The Swamp College
Robert Wood
The Swamp College, Part 1
Father Dubbs’ Calling
The Reformed church in America was started as a mission of the Dutch Calvinist Reformed Church in Holland. When the German Reformed Church in the Unites States broke with Holland in 1793, they not only lost the financial backing of the Dutch, but the supply of ordained ministers dried up as well. For decades the ministers in America had been asking Holland for a theological seminary here to train men for the ministry, but to no avail. Now it was a necessity. However, it wasn’t until 1825 that one was opened in Carlisle with one professor. In the interim, ordained ministers were supplied from the parsonage of Lebrecht Frederick Herman minister of Falkner Swamp Reformed Church.
Rev. Herman (1761-1848) was probably the last missionary sent here by the Synod in Holland. He arrived in Philadelphia in 1786 and labored for a while in Easton and Germantown. Then in 1800 we find him in Swamp having accepted a charge that included Pottstown and St. Vincent as well. One of the first things he did was to organize the effort to pay off the debt on the new brick church that was erected in 1790. Early in his pastorate Rev. Herman established a school at his house for the preparation of young men to enter the Reformed clergy. Herman was a thorough scholar and good teacher. As well as perfecting their German, students studied, to some degree, the Biblical languages: Greek, Hebrew and Latin. His course was three years long and over the next thirty years sixteen men were ordained from his school, the last one in 1830. It’s doubtful if it was ever named the “Swamp College” except as a joking reference by the students that attended. The school-parsonage was said to be one and one-quarter miles up the Swamp Pike just over the line of Douglass Township. The house was demolished in the 1970’s for a commercial business.
We know a good deal about the “Swamp College” because of a lengthy article in the 1877 Reformed Messenger reprinted in the 1949 Pennsylvania Dutchman newspaper edited and produced by professors Don Yoder and Alfred Shoemaker. This article is titled “Father Dubbs Reminisces” and recounts the life story of “that ancient servant of the Lord, the Rev. Dr. J. S. Dubbs (1796-1877), who was familiarly known as ‘Father Dubbs’. These [reminiscences] were gathered years ago from his conversation in the pleasant circle of his family and most intimate friends.” The original article probably comes from the pen of Joseph H. Dubbs, his son. As luck would have it, Joseph S. Dubbs, “Father Dubbs,” was a graduate of the Swamp College in 1821, and through his reminiscences we get a valuable glimpse of that school and community.

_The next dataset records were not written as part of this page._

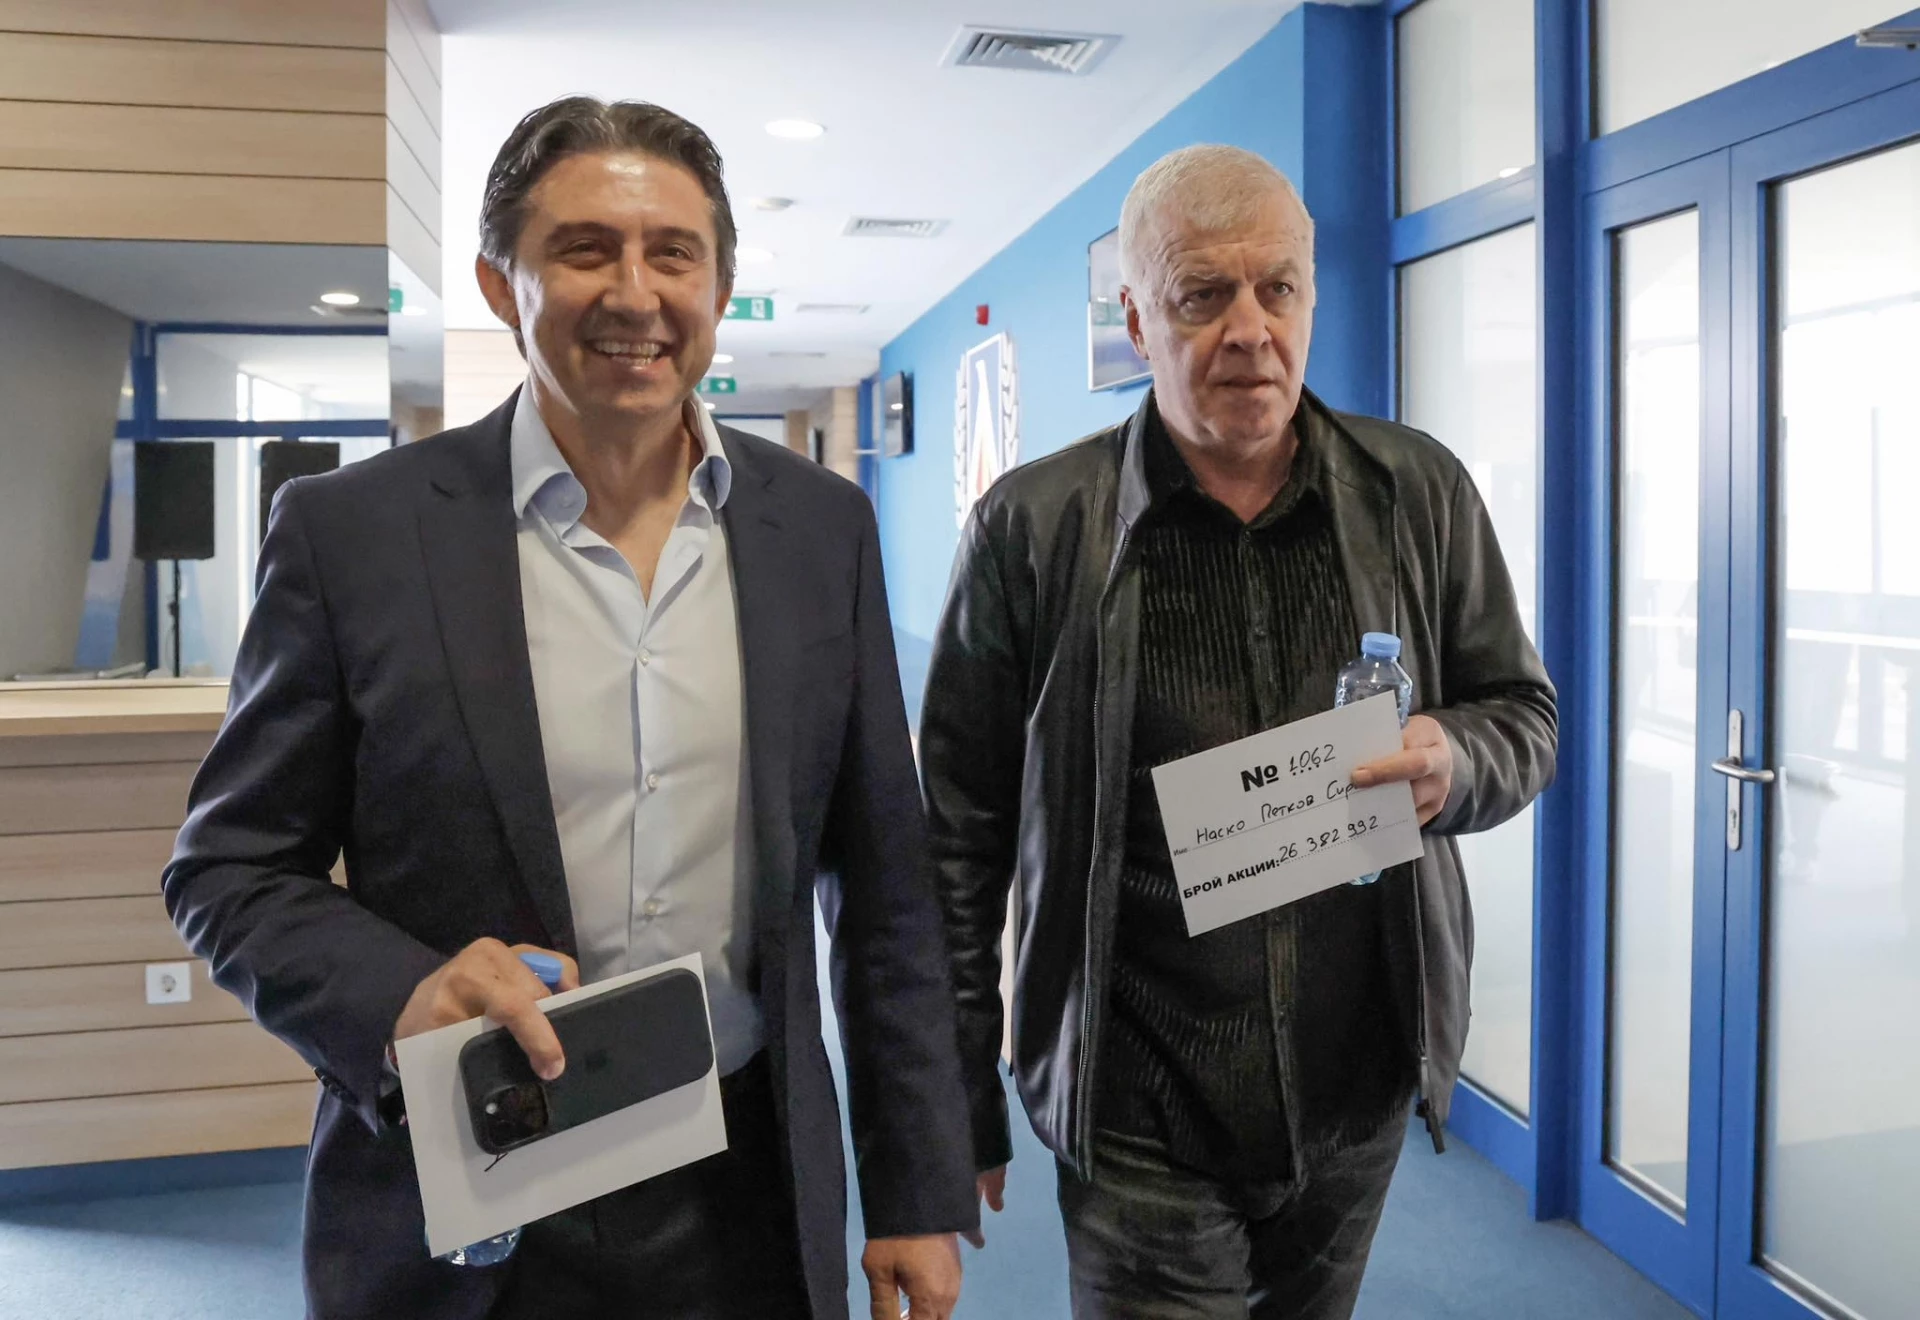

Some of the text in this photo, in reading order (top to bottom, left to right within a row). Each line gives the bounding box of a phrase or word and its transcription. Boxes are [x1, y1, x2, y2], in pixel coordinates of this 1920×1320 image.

[1289, 744, 1335, 772] 1062
[1197, 820, 1245, 845] Наско
[1260, 795, 1314, 822] Петков
[1327, 779, 1359, 800] Сир
[1183, 877, 1222, 899] БРОЙ
[1227, 859, 1280, 884] АКЦИИ:

During Joseph Dubbs’ boyhood, their pastor made his home with Dubbs’ father Daniel Dubbs on the headwaters of the Saucon Creek. This site is not far from the point where Bucks, Montgomery, and Lehigh counties meet at a corner. The elder Dubbs was one of those remarkable and successful men who seemingly did it all. He erected various mills and a distillery as well as a forge where one of his sons during the War if 1812 did much work for the government. Additionally, he was said to have built the first brick house in Lehigh County. Daniel Dubbs is described as “having been a man of gigantic frame and marvelous strength, but gentle in his manners, and rather reserved.” When he came of age, young Joseph Dubbs decided to enter the ministry, but his father gave him little encouragement.
In 1816 there were only 35 ordained ministers in the Reformed Church of America. Many of the congregations were miserably poor and a minister usually had several in his charge which combined could offer him little more than subsistence. But eventually his father relented and said, “Joseph, if you still desire to study for the ministry, you have my full consent. If you can find a preceptor, I will furnish the means.” And so, supplied with $200 per year, a large amount of money in those days, Joseph Dubbs arrived at Rev. Herman’s door in Swamp.

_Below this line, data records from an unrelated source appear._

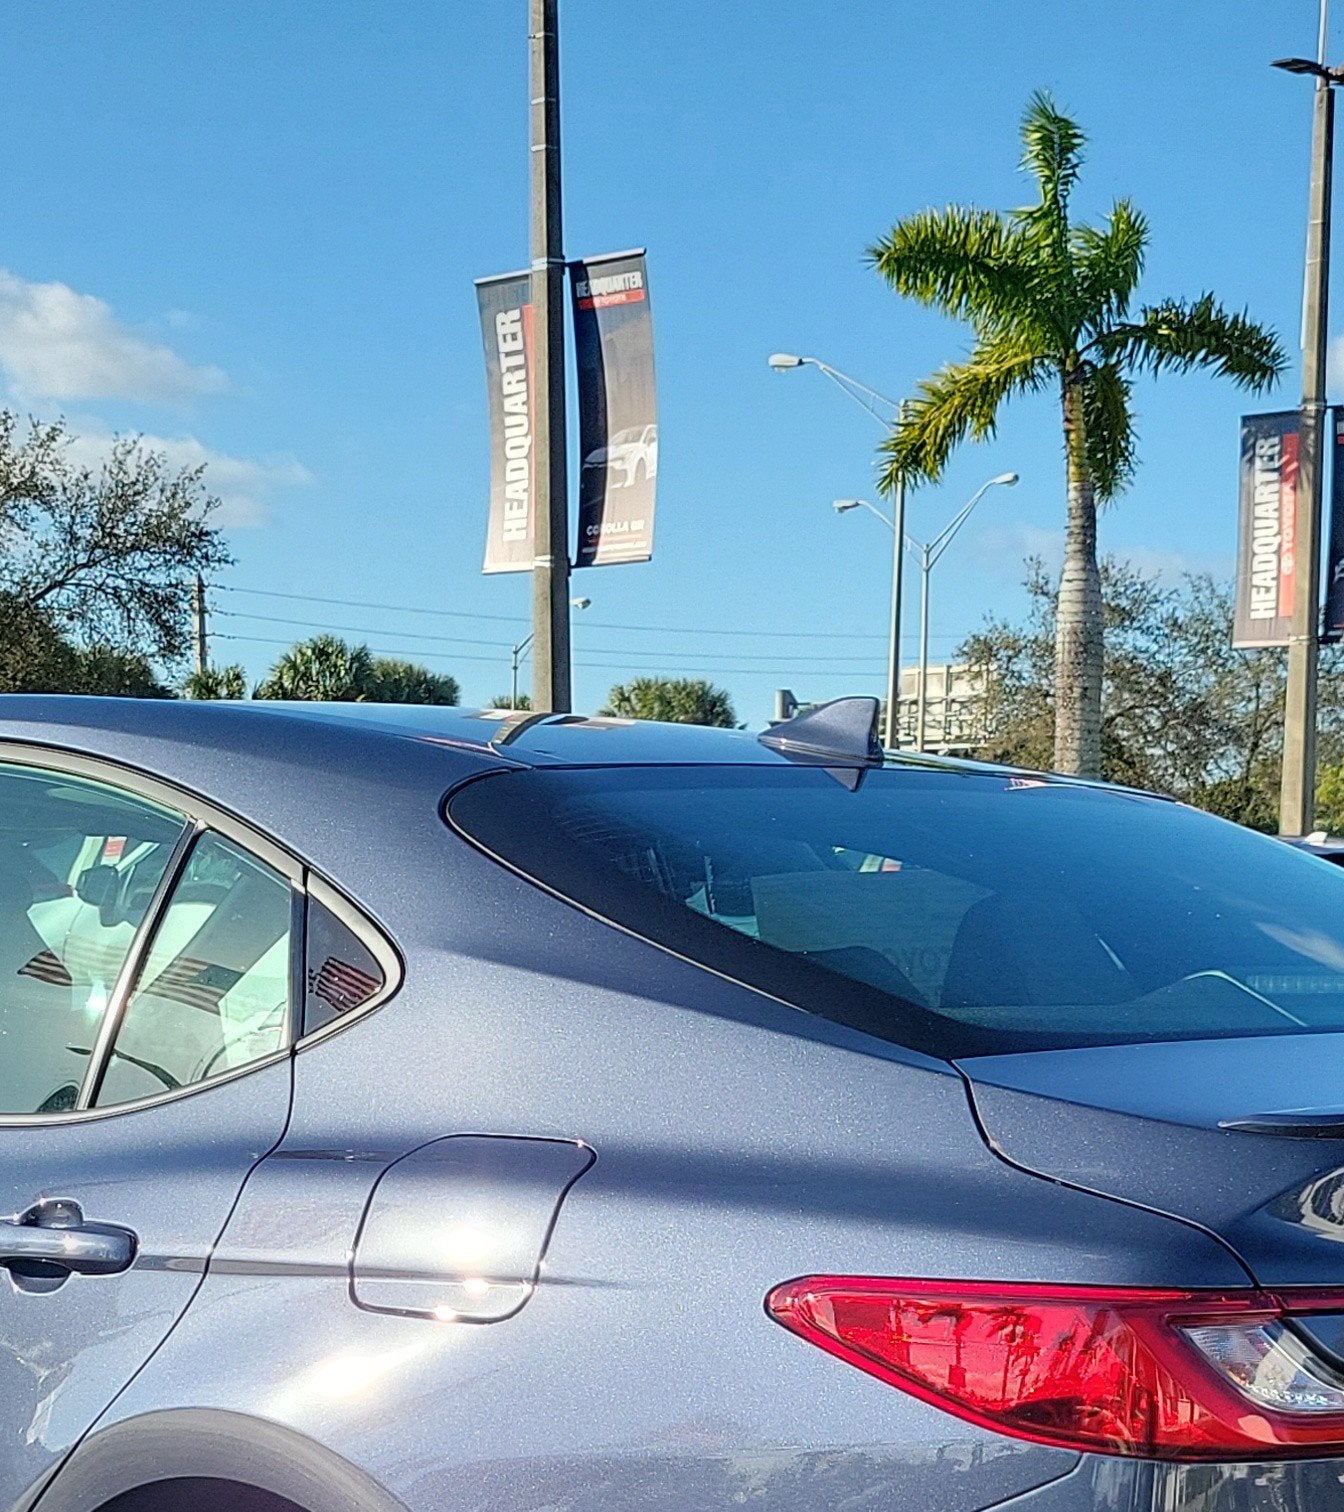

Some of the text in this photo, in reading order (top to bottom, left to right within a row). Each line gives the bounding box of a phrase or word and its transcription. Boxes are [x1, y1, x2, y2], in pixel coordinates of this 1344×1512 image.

[495, 308, 531, 542] HEADQUARTER
[1250, 435, 1282, 619] HEADQUARTER
[1281, 487, 1297, 556] TOYOTA
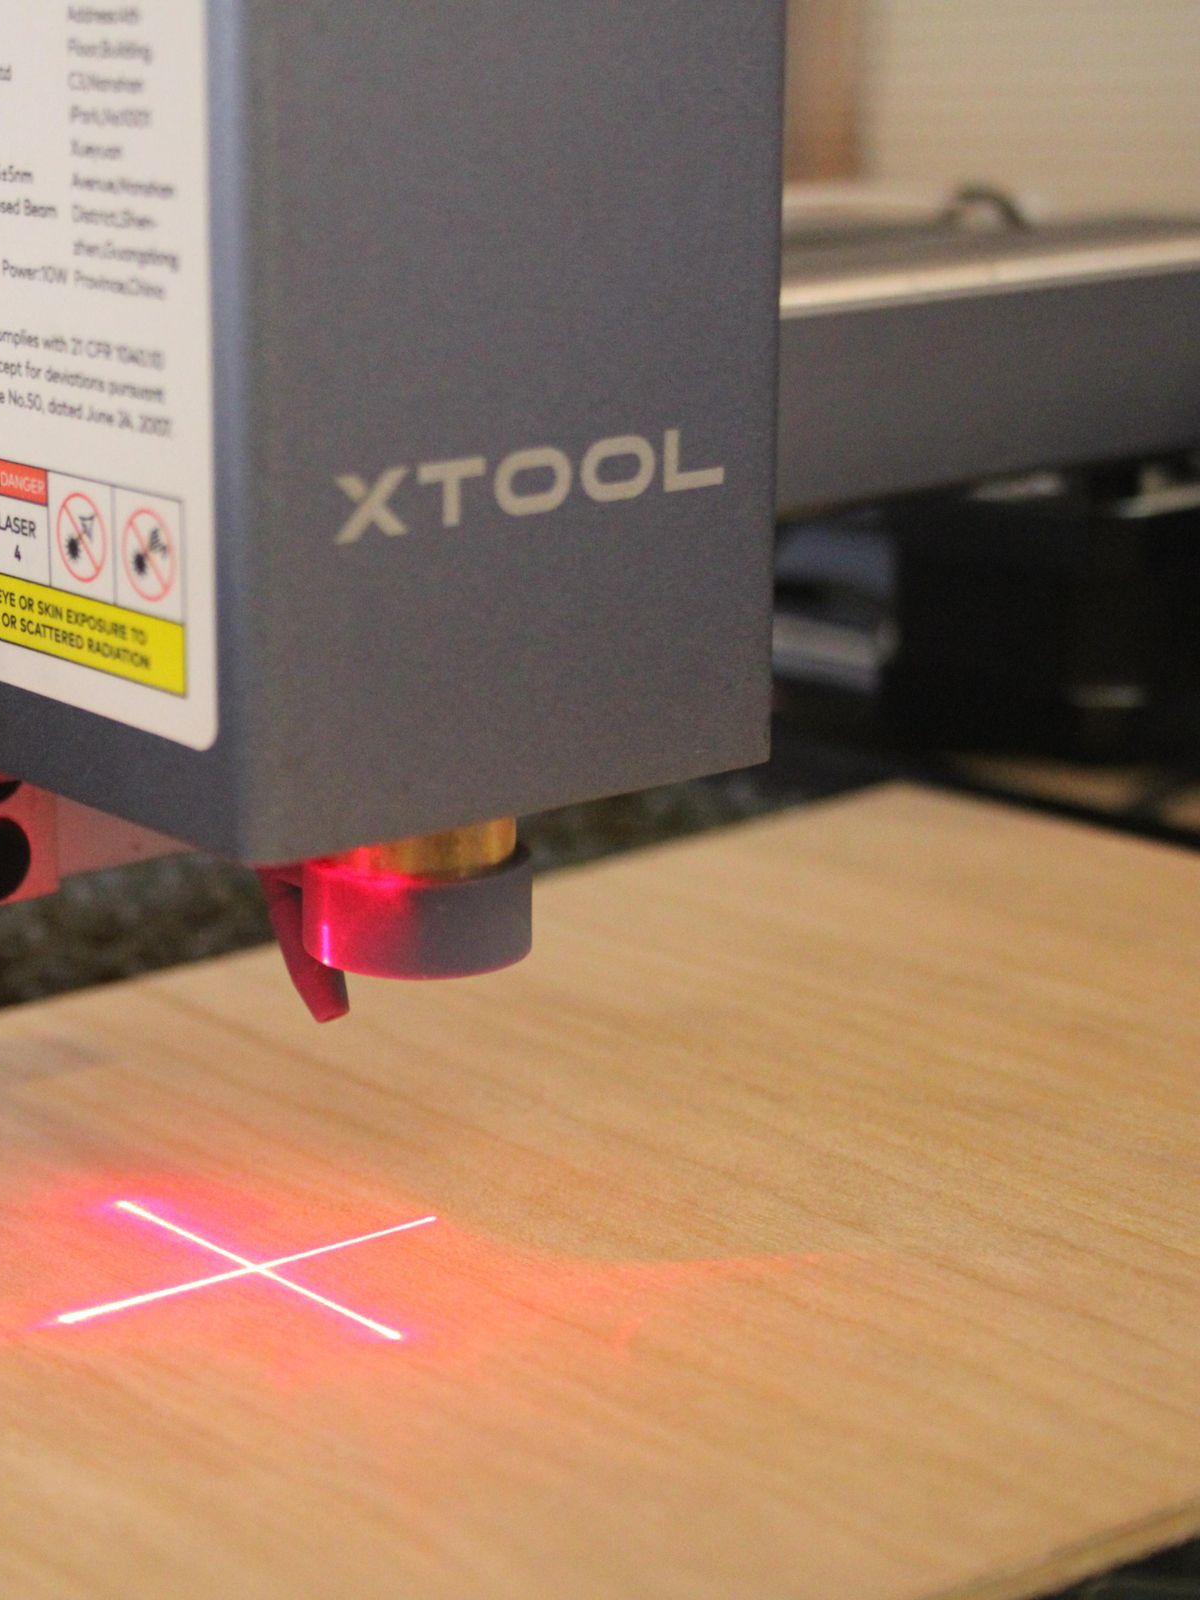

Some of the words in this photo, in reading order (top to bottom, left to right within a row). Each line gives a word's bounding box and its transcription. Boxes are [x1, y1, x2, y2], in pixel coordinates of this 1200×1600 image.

[23, 198, 58, 218] Beam
[42, 335, 67, 353] with
[70, 337, 82, 356] 21
[86, 339, 112, 360] CFR
[25, 360, 42, 379] for
[44, 366, 105, 392] deviations
[47, 398, 82, 420] dated
[86, 403, 114, 426] June
[0, 473, 45, 494] DANGER
[13, 545, 22, 561] 4
[19, 595, 35, 612] OR
[37, 600, 63, 622] SKIN
[66, 609, 128, 641] EXPOSURE
[130, 627, 148, 645] TO
[1, 612, 17, 629] OR
[20, 617, 84, 649] SCATTERED
[87, 639, 150, 669] RADIATION

The early school preparation of the half dozen or so theological students in Rev. Herman’s “college” was quite uneven. There were no public schools. The best schools were the church parochial schools where a literate schoolmaster was also the church organist, choirmaster, and catechist. Both churches in New Hanover had a large school and employed a teacher. But there were few churches in those days, and any child living more than a few miles away had to rely on the neighborhood “pay school.” Here the schoolmaster was paid a few cents per day per student to tutor whomever might show up with whatever schoolbooks they might bring. On sunny days the place would be almost empty, on rainy days stuffed, and brutal discipline held sway.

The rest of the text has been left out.